Last year, Pro Football Focus rolled out a new package of college football analytics to complement their very popular NFL product. This was the brainchild of their new major investor Cris Collinsworth, the NBC Sunday Night Football commentator and former Cincinnati Bengals wide receiver. Many of their new directions in the past two years have been as a result of his input and ownership of the company, so it's no surprise that today's unveiling of Collinsworth's mock-draft produced some unusual results, most notably, the selection of Baylor's Corey Coleman to the New York Giants with the 10th overall pick.
I know many disagree, but I don't think the debate over who is the top wide receiver prospect in this class. Corey Coleman has the same sort of elite quickness and speed that Odell Beckham Jr. possesses. Do I think Coleman is as good as Beckham? No -- he doesn't have Beckham's route running skills -- but he will protect Beckham. Any team trying to double Beckham will have a real problem trying to cover Coleman one-on-one. His releases against bump-and-run are electric, and if a player misses him on the jam, the next time they'll see him will be in the end zone. Head coach Ben McAdoo can no longer count on the health of Victor Cruz, and he has to create other options for quarterback Eli Manning. Drops are a problem, and Coleman isn't much of a threat over the middle, but his outside play-making ability will put safeties in a real dilemma against the Giants.
The logic with regards to Coleman's talents is sound, but this may be the first time we have seen both the receiver mocked this high, and mocked to the Giants. PFF's grading system and advanced statistical tools have clearly highlighted something about Coleman that won't be revealed publicly between now and the NFL Draft. Whatever it is, it might be important.
Last year, the standout player from PFF's college analytics was Stanford's Henry Anderson, a defensive end who was selected by the Indianapolis Colts. Anderson went on to also score favorably in PFF's NFL grading, and finished the 2015 season as their 20th-best interior defender.
Now, Anderson was selected in the third round of last year's draft, nothing near as high as the Giants's 10th overall pick, so there is a value difference in terms of risk-reward, but should Jerry Reese roll the dice on PFF's projection and select Coleman in the first round, would anyone be upset if he ended his rookie season with numbers comparable to Anderson? A top 20 receiver would surely be a home-run for the front-office, no?
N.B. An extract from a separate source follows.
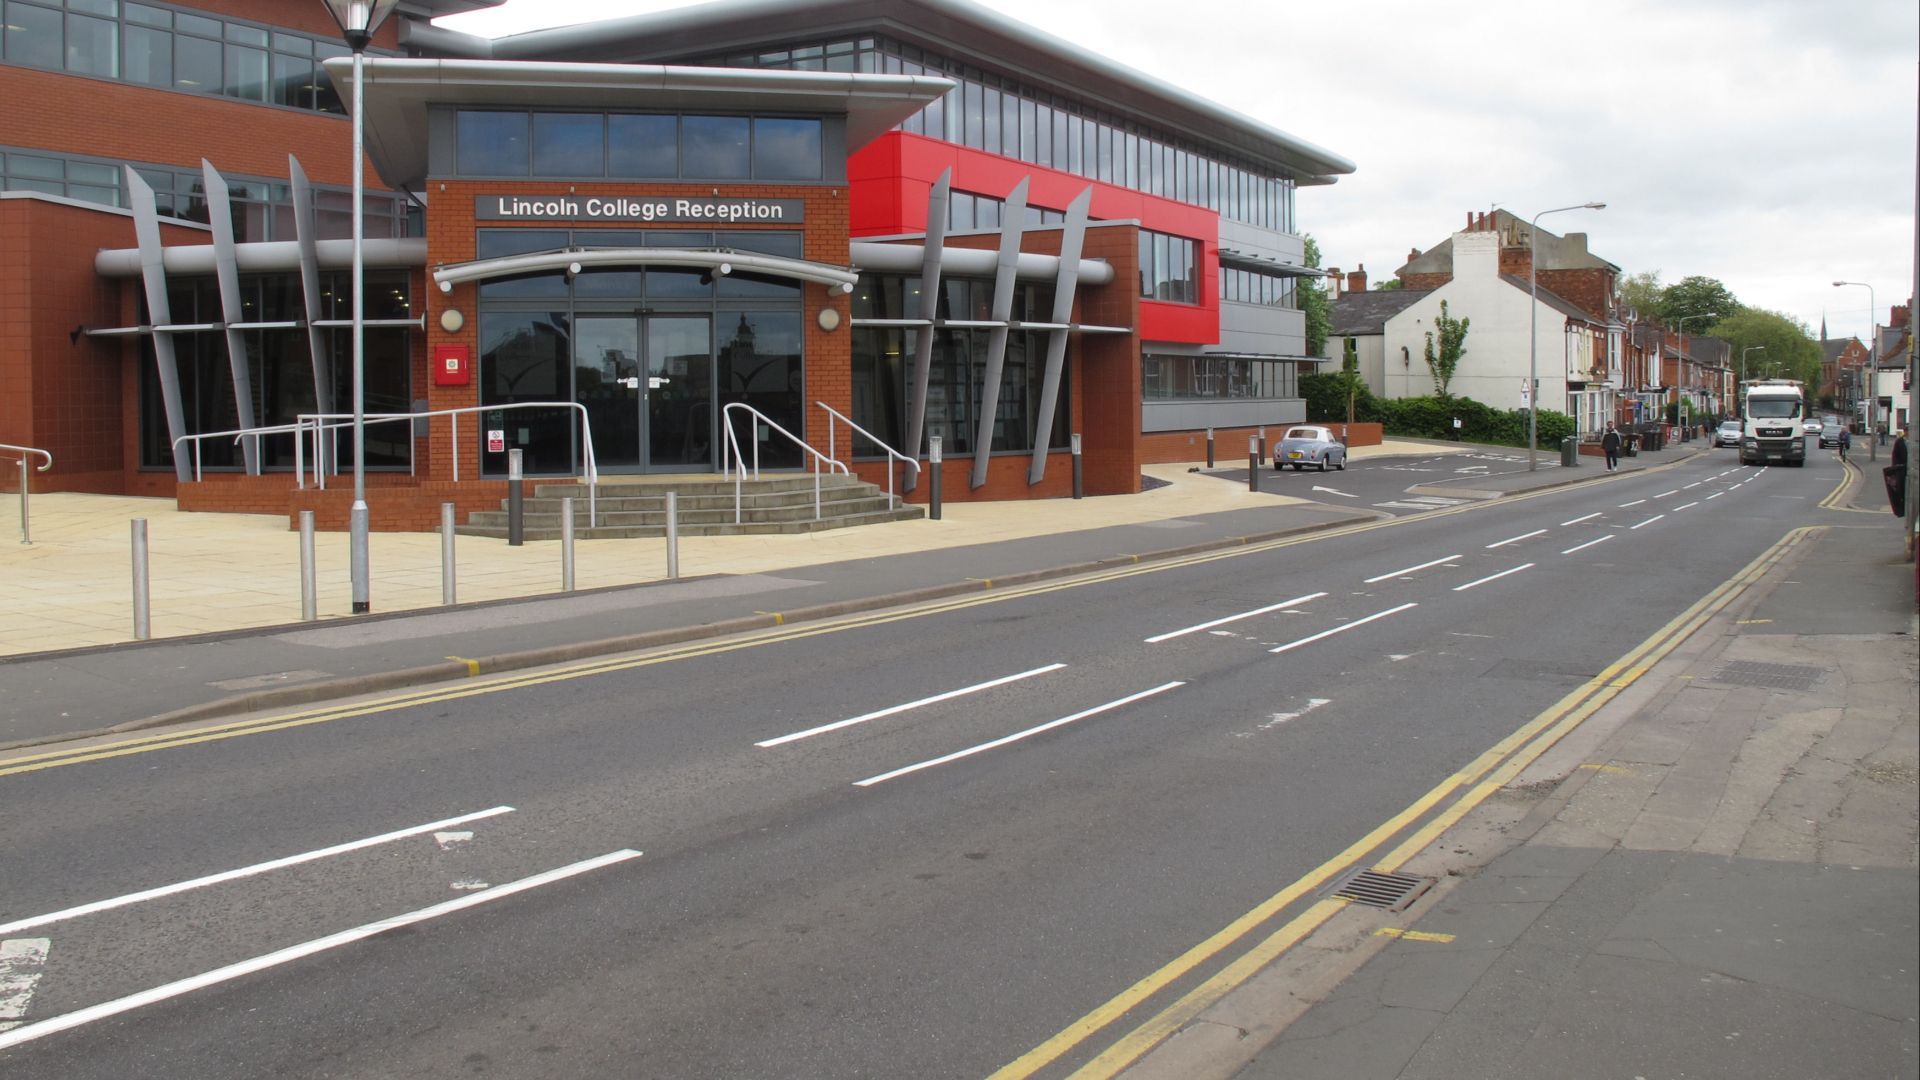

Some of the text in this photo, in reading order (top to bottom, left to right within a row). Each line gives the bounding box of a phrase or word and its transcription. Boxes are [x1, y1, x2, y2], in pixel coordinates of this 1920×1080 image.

[498, 197, 783, 222] Lincoln College Reception
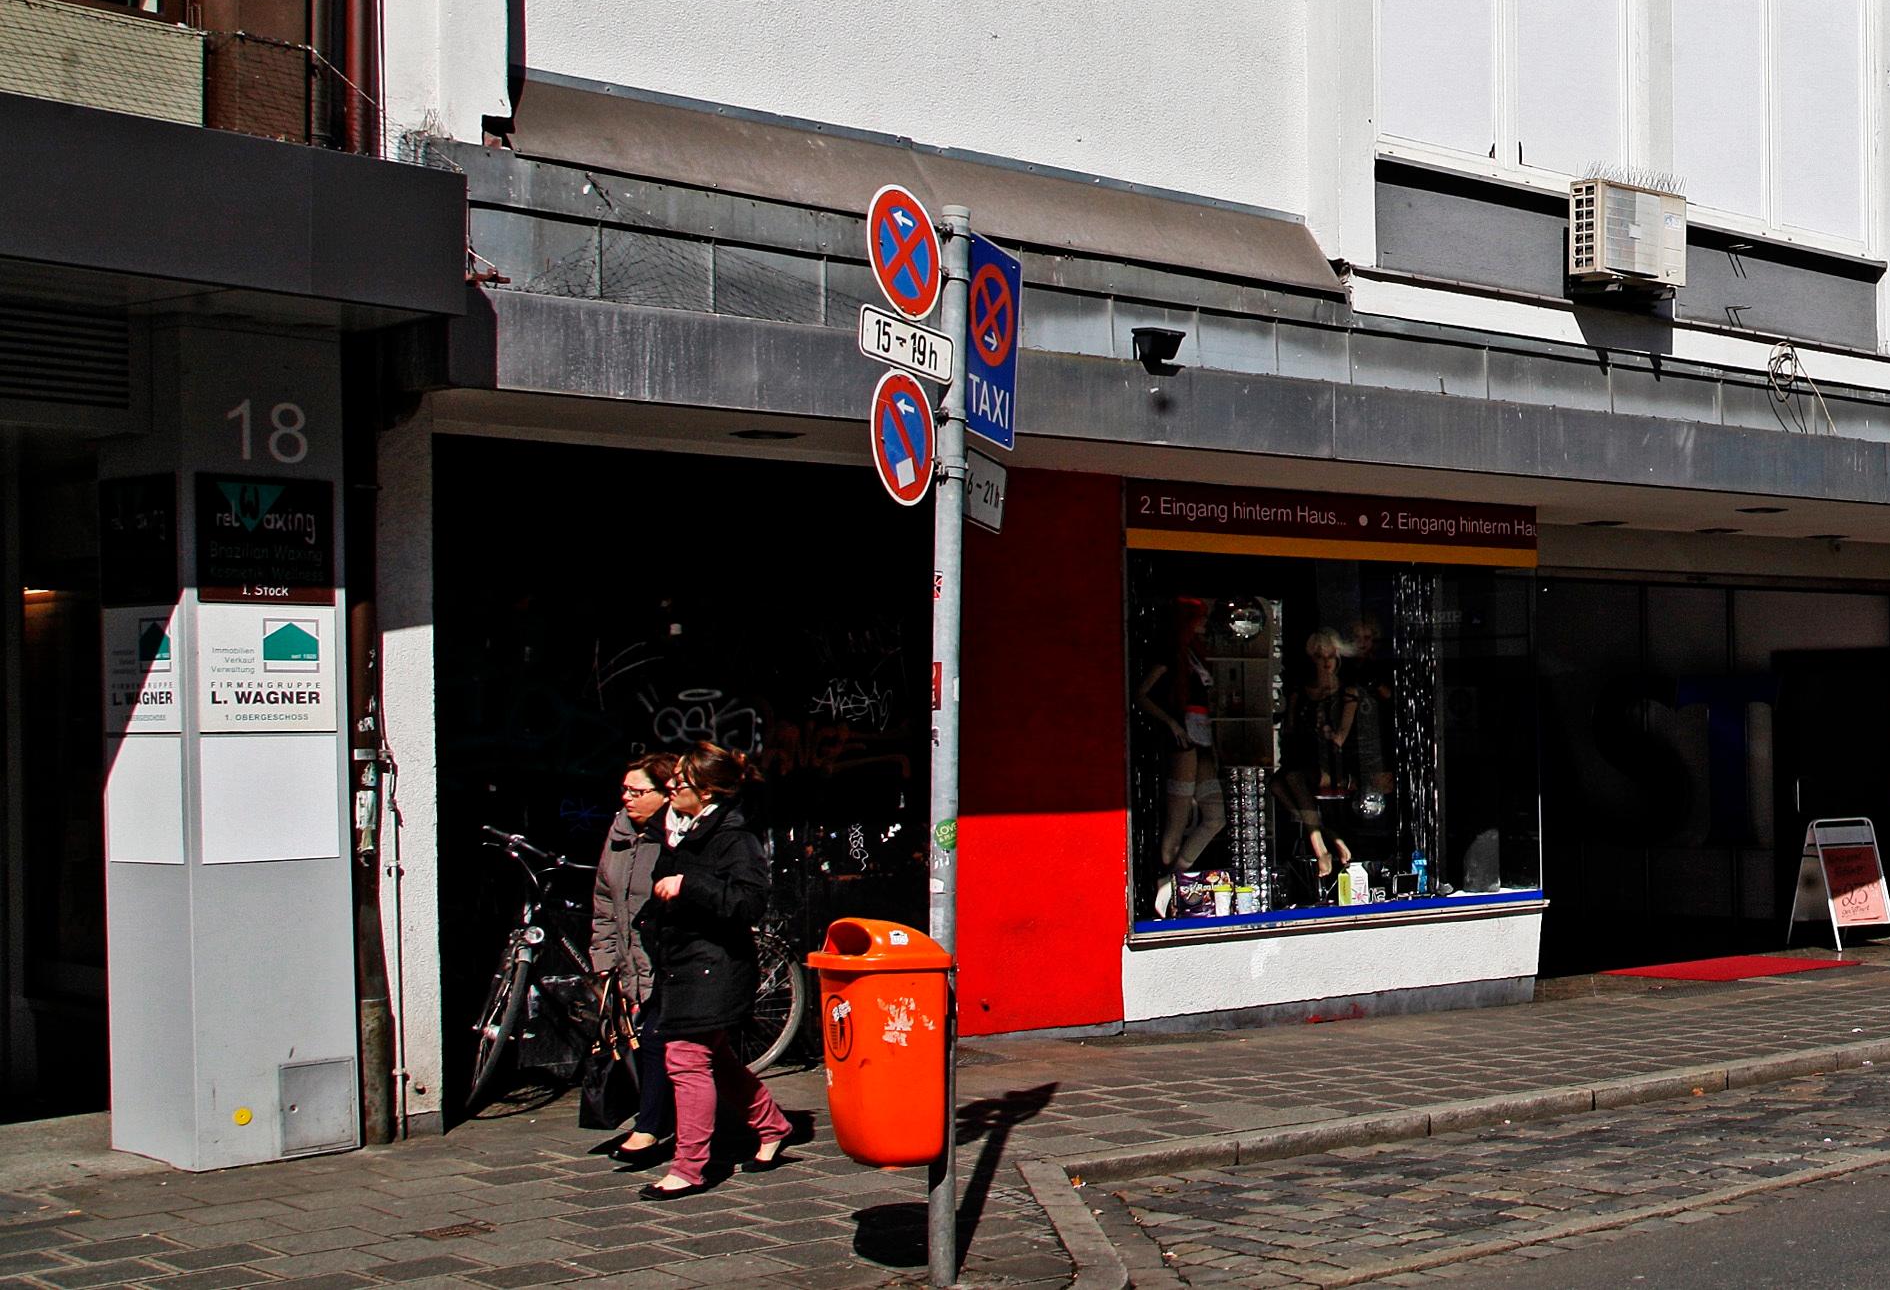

The only disagreement may come in the form of positional asset allocation. Do the Giants really need another 1st-round receiver? Regardless of Coleman's output as a rookie, would it be as beneficial as say a linebacker, or offensive lineman, or pass-rusher? Personally, this is my only qualm with Collinsworth's pick. I don't think the Giants' need to put a weapon across from Beckham outweighs the numerous roster holes in other areas. This is a top-10 selection, and you have to think that there will be other high-value players at premium positions available.